RECORDS SHOWN |
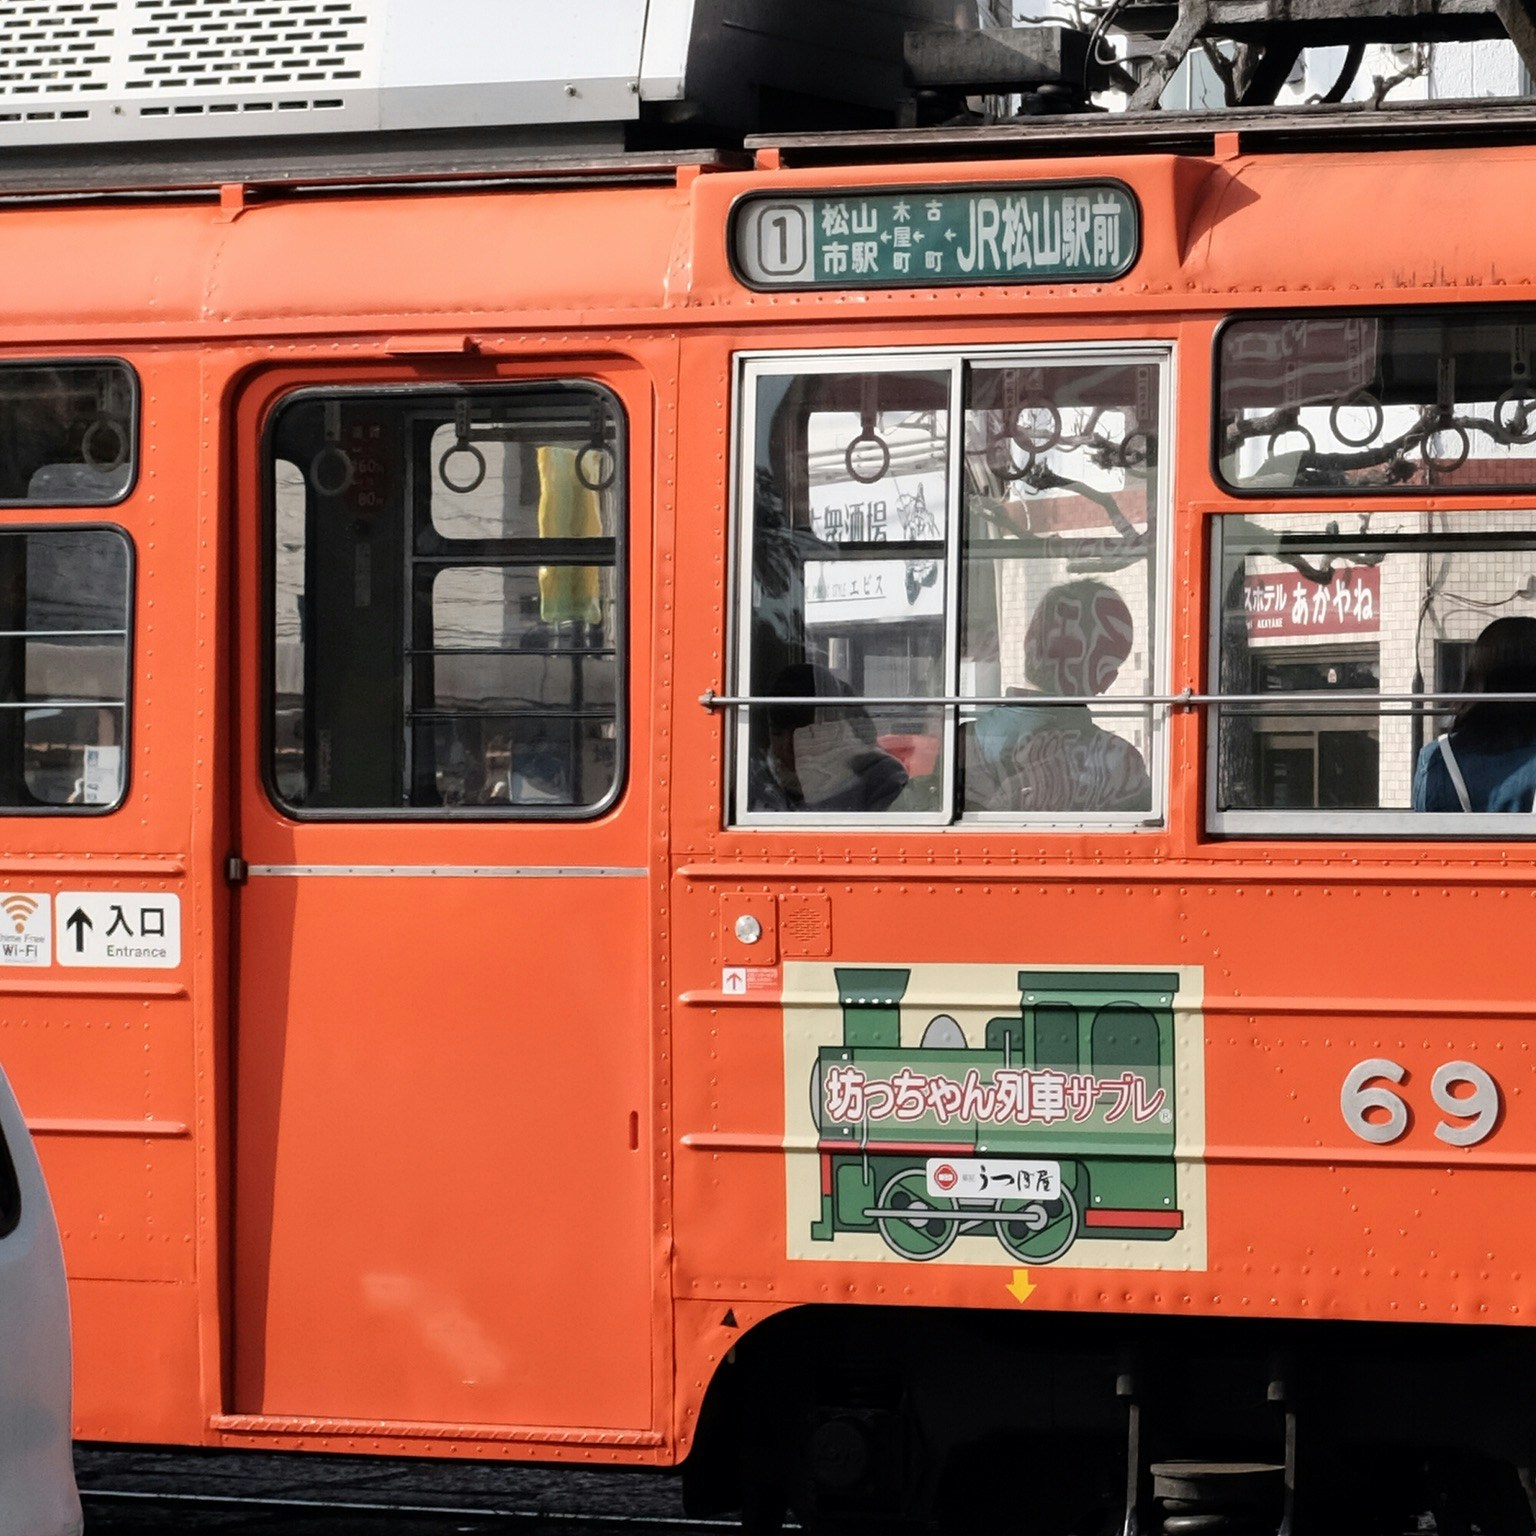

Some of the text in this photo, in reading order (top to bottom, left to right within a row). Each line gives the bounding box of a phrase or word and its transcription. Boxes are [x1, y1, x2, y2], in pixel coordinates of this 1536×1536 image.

[821, 202, 878, 236] 松山
[892, 201, 912, 274] 木屋町
[925, 199, 942, 274] 古町
[956, 194, 1122, 272] JR松山駅前
[821, 241, 879, 275] 市駅
[850, 574, 884, 596] エビス
[1291, 578, 1374, 625] あかやね
[105, 904, 165, 938] 入口
[2, 944, 38, 958] Wi-Fi
[106, 944, 168, 958] Entrance
[824, 1067, 1167, 1125] 坊っちゃん列車サブレ
[1340, 1057, 1499, 1147] 69

TRY IT | The expected output is the full material above, word for word, without pictures.

EXERCISE RESULT |
Some of the text in this photo, in reading order (top to bottom, left to right within a row). Each line gives the bounding box of a phrase or word and its transcription. Boxes are [x1, y1, x2, y2], in pixel coordinates of this 1536×1536 image.

[821, 202, 878, 236] 松山
[892, 201, 912, 274] 木屋町
[925, 199, 942, 274] 古町
[956, 194, 1122, 272] JR松山駅前
[821, 241, 879, 275] 市駅
[850, 574, 884, 596] エビス
[1291, 578, 1374, 625] あかやね
[105, 904, 165, 938] 入口
[2, 944, 38, 958] Wi-Fi
[106, 944, 168, 958] Entrance
[824, 1067, 1167, 1125] 坊っちゃん列車サブレ
[1340, 1057, 1499, 1147] 69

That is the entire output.